Although my last stay, as with the others, I spent five weeks of the six in a Skilled Nursing Facility and I had a roommate this last time that made me so angry, I went over to her in the middle of the night and told her if I could smack her I would and called her a not so nice name to boot, so unlike me since the CRPS took over my life.  She decided the TV should be turned off at 8 PM. I am a night owl and don’t go to sleep until 3 or 4 in the morning.  She os deaf  and initially I went out of my way to keep my light turned off so I wouldn’t disturb her and since my hearing is still excellent I can hear the TV when no one else can.  But that one night I was so angry at the grief and stress she was causing me.  I had already called the Nurses in for their intervention, but that one night was one night too many.  I remember her playing games with turning the TV off and I would turn it on.  I even took it away from her that night and my frustration surprised me.  I swear, if I ever turn out like most of the elderly women there, I want my family to take me out and shoot me.  Her daughters treated her like a baby, adding to our disagreements.  The only good thing, one was a good daughter and one was a not so good daughter and played Mom against each other.  I don’t know who was the older of the three or the younger.
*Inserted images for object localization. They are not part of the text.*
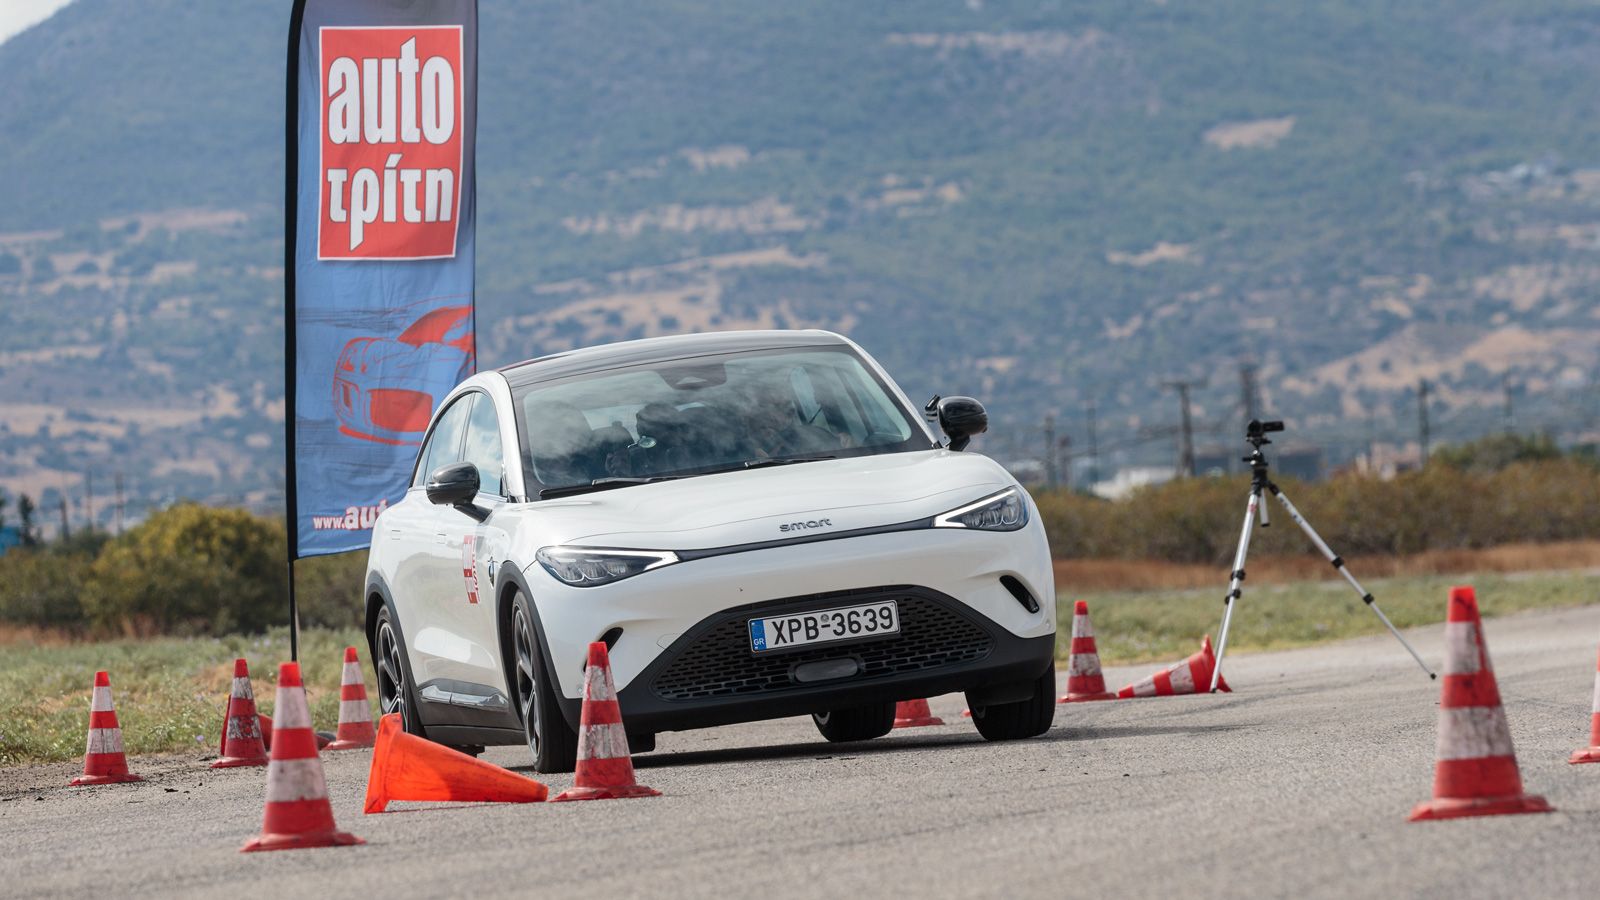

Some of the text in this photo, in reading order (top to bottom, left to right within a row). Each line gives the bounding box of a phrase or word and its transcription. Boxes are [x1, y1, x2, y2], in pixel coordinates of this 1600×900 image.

[328, 35, 455, 144] auto
[327, 153, 455, 251] τρίτη
[779, 518, 832, 532] smart
[753, 637, 765, 646] GR
[771, 606, 894, 645] XPB-3639
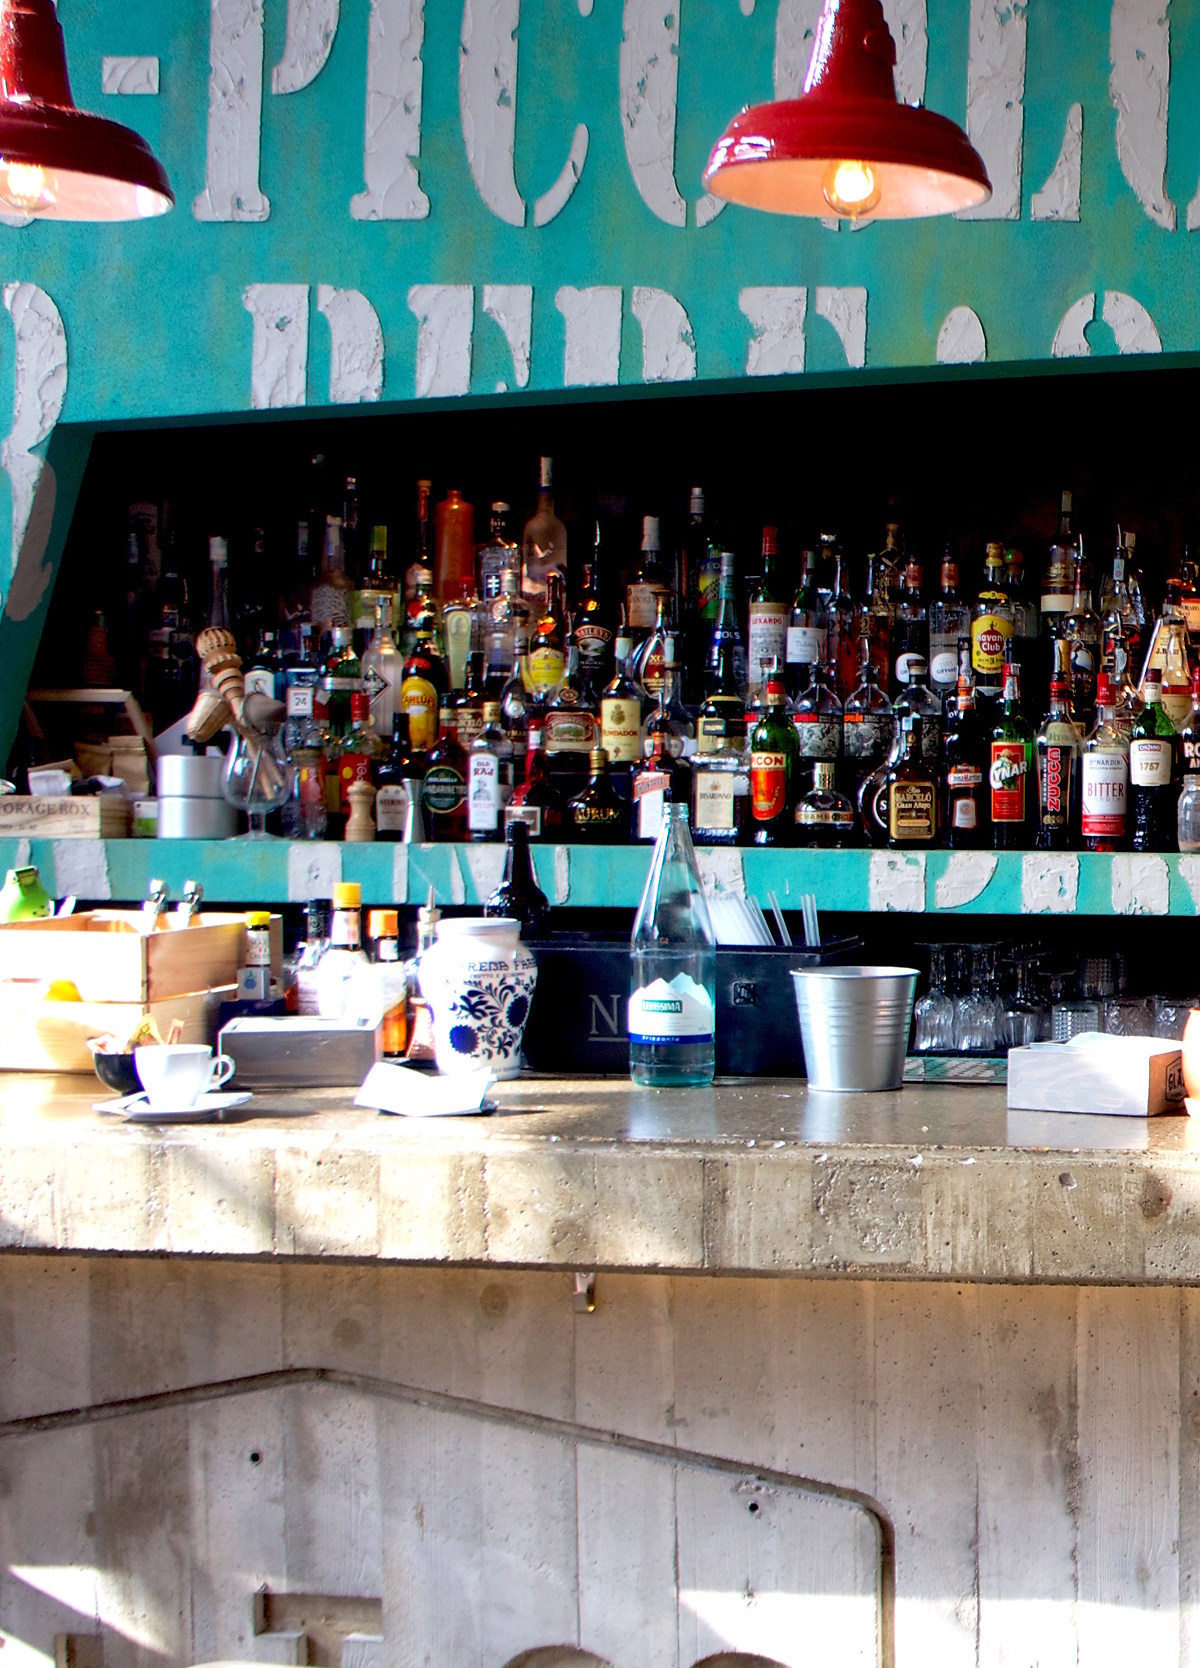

But for me to get out of bed, being a former ICU Nurse Tech, and actually call an elderly woman what I did and then threaten her with bodily harm, which I would never do because it would hurt me more than her, and get me booted out.  So the next three nights, I went down to the patient lounge and watched TV with the lights off, so by the time I got back to my room she was snoring and I could turn ours back on, without her playing her silly games.

I met an Aussie friend via an RSD site, and I kick myself for not keeping in contact as Mary is an angel and would send me a beautiful, hand made angel for three Christmas’ in a row.  She had the same horror stories so many women who have this disease do.  I was a rare one to have mine diagnosed three months after the surgery that triggered it, only it took twenty two months before treatment could be started.  Mine finally hit my right left and foot two weeks ago.  I have a large bruise on the top of my foot and above the ankles and it hurts so bad.

Best of luck.  I may be down in the Los Angeles area soon to get the much needed surgery from the very hospital I worked at, USC University Hospital. I brought the write ups about their Hand Team, plus the doctor they wanted me to see, performed my first I & D many years ago.  I will have to find a place to stay down there and they list a lot of hospitals.  My Dad’s wife works for one of them and can get me a really cut rate in a five star hotel, especially if I have to undergo OT, which I know I will along with suffering with a CPM machine on my right hand that has the Osteomyelitis.  Things just go from bad to worse.

Nathan B November 25th, 2013

Great article.  Disbelief at invisible pain disorders is not just a women’s issue, though I can see that the scales are heavily tilted in that direction.  Hopefully societies worldwide will realize that pain disorders are serious, even when you can’t see the source.  My thoughts always go out to the people who have to suffer pain without support or proper care.